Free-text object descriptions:
=== Section Start ===
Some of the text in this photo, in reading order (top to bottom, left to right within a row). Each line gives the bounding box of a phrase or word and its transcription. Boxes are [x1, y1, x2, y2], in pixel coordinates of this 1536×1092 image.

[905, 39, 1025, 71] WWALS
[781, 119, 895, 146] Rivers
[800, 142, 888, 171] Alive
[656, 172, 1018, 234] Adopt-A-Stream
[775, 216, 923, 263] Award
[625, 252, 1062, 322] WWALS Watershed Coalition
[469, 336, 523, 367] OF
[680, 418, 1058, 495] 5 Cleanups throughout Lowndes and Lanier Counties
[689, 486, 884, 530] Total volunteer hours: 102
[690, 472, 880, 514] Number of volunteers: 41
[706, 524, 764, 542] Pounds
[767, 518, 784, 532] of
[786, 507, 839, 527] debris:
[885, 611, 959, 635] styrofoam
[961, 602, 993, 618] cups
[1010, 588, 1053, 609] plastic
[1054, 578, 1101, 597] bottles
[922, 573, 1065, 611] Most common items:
=== Section End ===
What to do => Reproduce each record exactly as written above.

Result =>
Some of the text in this photo, in reading order (top to bottom, left to right within a row). Each line gives the bounding box of a phrase or word and its transcription. Boxes are [x1, y1, x2, y2], in pixel coordinates of this 1536×1092 image.

[905, 39, 1025, 71] WWALS
[781, 119, 895, 146] Rivers
[800, 142, 888, 171] Alive
[656, 172, 1018, 234] Adopt-A-Stream
[775, 216, 923, 263] Award
[625, 252, 1062, 322] WWALS Watershed Coalition
[469, 336, 523, 367] OF
[680, 418, 1058, 495] 5 Cleanups throughout Lowndes and Lanier Counties
[689, 486, 884, 530] Total volunteer hours: 102
[690, 472, 880, 514] Number of volunteers: 41
[706, 524, 764, 542] Pounds
[767, 518, 784, 532] of
[786, 507, 839, 527] debris:
[885, 611, 959, 635] styrofoam
[961, 602, 993, 618] cups
[1010, 588, 1053, 609] plastic
[1054, 578, 1101, 597] bottles
[922, 573, 1065, 611] Most common items:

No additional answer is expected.